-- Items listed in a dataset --
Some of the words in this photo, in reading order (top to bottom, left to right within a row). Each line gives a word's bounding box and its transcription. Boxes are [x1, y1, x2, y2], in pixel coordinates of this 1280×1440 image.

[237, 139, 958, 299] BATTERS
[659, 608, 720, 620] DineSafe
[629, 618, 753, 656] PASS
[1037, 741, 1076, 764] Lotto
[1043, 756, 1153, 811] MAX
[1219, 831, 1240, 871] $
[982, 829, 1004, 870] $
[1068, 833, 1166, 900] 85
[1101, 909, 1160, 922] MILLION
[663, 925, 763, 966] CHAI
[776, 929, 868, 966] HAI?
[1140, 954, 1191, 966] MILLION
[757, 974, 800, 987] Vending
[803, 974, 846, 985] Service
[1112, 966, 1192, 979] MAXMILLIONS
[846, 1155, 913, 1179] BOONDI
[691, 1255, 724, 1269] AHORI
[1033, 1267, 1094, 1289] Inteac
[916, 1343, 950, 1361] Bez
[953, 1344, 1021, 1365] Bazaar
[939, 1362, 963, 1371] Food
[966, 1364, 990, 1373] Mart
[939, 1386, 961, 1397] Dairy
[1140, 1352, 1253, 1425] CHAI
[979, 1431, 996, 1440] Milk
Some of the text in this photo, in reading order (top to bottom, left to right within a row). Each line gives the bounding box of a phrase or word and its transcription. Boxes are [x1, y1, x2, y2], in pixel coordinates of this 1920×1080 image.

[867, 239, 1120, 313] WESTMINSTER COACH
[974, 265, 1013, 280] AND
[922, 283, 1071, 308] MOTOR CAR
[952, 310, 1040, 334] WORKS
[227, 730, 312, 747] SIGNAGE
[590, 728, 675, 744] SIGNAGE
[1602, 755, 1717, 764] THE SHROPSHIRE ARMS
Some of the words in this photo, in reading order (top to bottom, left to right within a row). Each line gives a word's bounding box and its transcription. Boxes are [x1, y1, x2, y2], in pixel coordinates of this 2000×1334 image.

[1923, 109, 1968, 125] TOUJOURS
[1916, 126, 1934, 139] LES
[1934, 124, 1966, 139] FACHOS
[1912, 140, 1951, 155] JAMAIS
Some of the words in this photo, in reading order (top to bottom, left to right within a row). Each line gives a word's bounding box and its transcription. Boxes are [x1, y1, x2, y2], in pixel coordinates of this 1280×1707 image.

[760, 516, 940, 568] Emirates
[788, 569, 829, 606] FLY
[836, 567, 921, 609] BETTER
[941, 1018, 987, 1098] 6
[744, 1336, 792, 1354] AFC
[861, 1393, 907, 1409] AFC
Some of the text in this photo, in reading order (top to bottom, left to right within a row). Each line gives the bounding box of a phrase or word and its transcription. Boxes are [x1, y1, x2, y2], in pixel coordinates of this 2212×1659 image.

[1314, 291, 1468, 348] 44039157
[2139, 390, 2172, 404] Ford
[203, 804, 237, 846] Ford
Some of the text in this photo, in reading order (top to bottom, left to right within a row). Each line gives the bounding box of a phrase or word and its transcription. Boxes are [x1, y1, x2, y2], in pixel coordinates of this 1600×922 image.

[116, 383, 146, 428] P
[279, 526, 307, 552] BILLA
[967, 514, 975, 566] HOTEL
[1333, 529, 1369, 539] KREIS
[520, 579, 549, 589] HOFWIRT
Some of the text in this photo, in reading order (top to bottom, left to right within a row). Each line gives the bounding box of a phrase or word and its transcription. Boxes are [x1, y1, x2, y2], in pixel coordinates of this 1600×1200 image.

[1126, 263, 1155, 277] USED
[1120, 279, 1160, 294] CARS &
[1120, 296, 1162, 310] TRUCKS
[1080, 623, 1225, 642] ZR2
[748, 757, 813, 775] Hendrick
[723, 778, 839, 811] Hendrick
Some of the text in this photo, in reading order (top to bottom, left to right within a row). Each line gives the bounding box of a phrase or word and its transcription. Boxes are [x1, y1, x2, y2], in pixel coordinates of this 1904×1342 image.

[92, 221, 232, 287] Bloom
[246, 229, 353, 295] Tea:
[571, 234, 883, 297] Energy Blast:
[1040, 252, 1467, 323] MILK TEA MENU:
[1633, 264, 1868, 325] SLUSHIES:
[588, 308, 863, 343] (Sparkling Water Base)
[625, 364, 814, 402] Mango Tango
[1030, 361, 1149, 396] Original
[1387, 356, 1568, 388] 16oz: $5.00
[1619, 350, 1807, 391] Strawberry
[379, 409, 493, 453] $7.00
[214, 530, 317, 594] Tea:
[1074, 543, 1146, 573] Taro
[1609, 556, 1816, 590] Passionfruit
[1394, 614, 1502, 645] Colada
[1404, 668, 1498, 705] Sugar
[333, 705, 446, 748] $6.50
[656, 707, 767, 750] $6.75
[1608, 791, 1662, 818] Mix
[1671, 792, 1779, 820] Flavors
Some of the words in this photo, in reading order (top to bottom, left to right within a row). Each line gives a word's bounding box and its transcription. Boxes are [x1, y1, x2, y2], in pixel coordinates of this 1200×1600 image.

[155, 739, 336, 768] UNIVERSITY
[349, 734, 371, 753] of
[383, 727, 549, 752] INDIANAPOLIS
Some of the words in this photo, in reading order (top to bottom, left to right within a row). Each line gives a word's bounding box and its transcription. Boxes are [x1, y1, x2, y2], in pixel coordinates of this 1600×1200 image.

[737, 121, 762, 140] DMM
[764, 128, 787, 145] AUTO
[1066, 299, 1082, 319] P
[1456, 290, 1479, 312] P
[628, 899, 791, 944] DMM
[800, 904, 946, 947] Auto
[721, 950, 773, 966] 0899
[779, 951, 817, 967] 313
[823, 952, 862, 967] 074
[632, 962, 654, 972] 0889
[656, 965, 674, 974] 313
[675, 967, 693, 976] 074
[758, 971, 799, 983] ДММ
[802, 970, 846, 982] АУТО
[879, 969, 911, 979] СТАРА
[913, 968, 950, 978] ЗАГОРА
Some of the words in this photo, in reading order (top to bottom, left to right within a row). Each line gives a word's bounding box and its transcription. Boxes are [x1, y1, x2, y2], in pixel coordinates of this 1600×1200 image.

-- ACTIVITY --
Every entry is to be repeated precisely as it stands.

-- ANSWER BOX --
Some of the words in this photo, in reading order (top to bottom, left to right within a row). Each line gives a word's bounding box and its transcription. Boxes are [x1, y1, x2, y2], in pixel coordinates of this 1280×1440 image.

[237, 139, 958, 299] BATTERS
[659, 608, 720, 620] DineSafe
[629, 618, 753, 656] PASS
[1037, 741, 1076, 764] Lotto
[1043, 756, 1153, 811] MAX
[1219, 831, 1240, 871] $
[982, 829, 1004, 870] $
[1068, 833, 1166, 900] 85
[1101, 909, 1160, 922] MILLION
[663, 925, 763, 966] CHAI
[776, 929, 868, 966] HAI?
[1140, 954, 1191, 966] MILLION
[757, 974, 800, 987] Vending
[803, 974, 846, 985] Service
[1112, 966, 1192, 979] MAXMILLIONS
[846, 1155, 913, 1179] BOONDI
[691, 1255, 724, 1269] AHORI
[1033, 1267, 1094, 1289] Inteac
[916, 1343, 950, 1361] Bez
[953, 1344, 1021, 1365] Bazaar
[939, 1362, 963, 1371] Food
[966, 1364, 990, 1373] Mart
[939, 1386, 961, 1397] Dairy
[1140, 1352, 1253, 1425] CHAI
[979, 1431, 996, 1440] Milk
Some of the text in this photo, in reading order (top to bottom, left to right within a row). Each line gives the bounding box of a phrase or word and its transcription. Boxes are [x1, y1, x2, y2], in pixel coordinates of this 1920×1080 image.

[867, 239, 1120, 313] WESTMINSTER COACH
[974, 265, 1013, 280] AND
[922, 283, 1071, 308] MOTOR CAR
[952, 310, 1040, 334] WORKS
[227, 730, 312, 747] SIGNAGE
[590, 728, 675, 744] SIGNAGE
[1602, 755, 1717, 764] THE SHROPSHIRE ARMS
Some of the words in this photo, in reading order (top to bottom, left to right within a row). Each line gives a word's bounding box and its transcription. Boxes are [x1, y1, x2, y2], in pixel coordinates of this 2000×1334 image.

[1923, 109, 1968, 125] TOUJOURS
[1916, 126, 1934, 139] LES
[1934, 124, 1966, 139] FACHOS
[1912, 140, 1951, 155] JAMAIS
Some of the words in this photo, in reading order (top to bottom, left to right within a row). Each line gives a word's bounding box and its transcription. Boxes are [x1, y1, x2, y2], in pixel coordinates of this 1280×1707 image.

[760, 516, 940, 568] Emirates
[788, 569, 829, 606] FLY
[836, 567, 921, 609] BETTER
[941, 1018, 987, 1098] 6
[744, 1336, 792, 1354] AFC
[861, 1393, 907, 1409] AFC
Some of the text in this photo, in reading order (top to bottom, left to right within a row). Each line gives the bounding box of a phrase or word and its transcription. Boxes are [x1, y1, x2, y2], in pixel coordinates of this 2212×1659 image.

[1314, 291, 1468, 348] 44039157
[2139, 390, 2172, 404] Ford
[203, 804, 237, 846] Ford
Some of the text in this photo, in reading order (top to bottom, left to right within a row). Each line gives the bounding box of a phrase or word and its transcription. Boxes are [x1, y1, x2, y2], in pixel coordinates of this 1600×922 image.

[116, 383, 146, 428] P
[279, 526, 307, 552] BILLA
[967, 514, 975, 566] HOTEL
[1333, 529, 1369, 539] KREIS
[520, 579, 549, 589] HOFWIRT
Some of the text in this photo, in reading order (top to bottom, left to right within a row). Each line gives the bounding box of a phrase or word and its transcription. Boxes are [x1, y1, x2, y2], in pixel coordinates of this 1600×1200 image.

[1126, 263, 1155, 277] USED
[1120, 279, 1160, 294] CARS &
[1120, 296, 1162, 310] TRUCKS
[1080, 623, 1225, 642] ZR2
[748, 757, 813, 775] Hendrick
[723, 778, 839, 811] Hendrick
Some of the text in this photo, in reading order (top to bottom, left to right within a row). Each line gives the bounding box of a phrase or word and its transcription. Boxes are [x1, y1, x2, y2], in pixel coordinates of this 1904×1342 image.

[92, 221, 232, 287] Bloom
[246, 229, 353, 295] Tea:
[571, 234, 883, 297] Energy Blast:
[1040, 252, 1467, 323] MILK TEA MENU:
[1633, 264, 1868, 325] SLUSHIES:
[588, 308, 863, 343] (Sparkling Water Base)
[625, 364, 814, 402] Mango Tango
[1030, 361, 1149, 396] Original
[1387, 356, 1568, 388] 16oz: $5.00
[1619, 350, 1807, 391] Strawberry
[379, 409, 493, 453] $7.00
[214, 530, 317, 594] Tea:
[1074, 543, 1146, 573] Taro
[1609, 556, 1816, 590] Passionfruit
[1394, 614, 1502, 645] Colada
[1404, 668, 1498, 705] Sugar
[333, 705, 446, 748] $6.50
[656, 707, 767, 750] $6.75
[1608, 791, 1662, 818] Mix
[1671, 792, 1779, 820] Flavors
Some of the words in this photo, in reading order (top to bottom, left to right within a row). Each line gives a word's bounding box and its transcription. Boxes are [x1, y1, x2, y2], in pixel coordinates of this 1200×1600 image.

[155, 739, 336, 768] UNIVERSITY
[349, 734, 371, 753] of
[383, 727, 549, 752] INDIANAPOLIS
Some of the words in this photo, in reading order (top to bottom, left to right within a row). Each line gives a word's bounding box and its transcription. Boxes are [x1, y1, x2, y2], in pixel coordinates of this 1600×1200 image.

[737, 121, 762, 140] DMM
[764, 128, 787, 145] AUTO
[1066, 299, 1082, 319] P
[1456, 290, 1479, 312] P
[628, 899, 791, 944] DMM
[800, 904, 946, 947] Auto
[721, 950, 773, 966] 0899
[779, 951, 817, 967] 313
[823, 952, 862, 967] 074
[632, 962, 654, 972] 0889
[656, 965, 674, 974] 313
[675, 967, 693, 976] 074
[758, 971, 799, 983] ДММ
[802, 970, 846, 982] АУТО
[879, 969, 911, 979] СТАРА
[913, 968, 950, 978] ЗАГОРА
Some of the words in this photo, in reading order (top to bottom, left to right within a row). Each line gives a word's bounding box and its transcription. Boxes are [x1, y1, x2, y2], in pixel coordinates of this 1600×1200 image.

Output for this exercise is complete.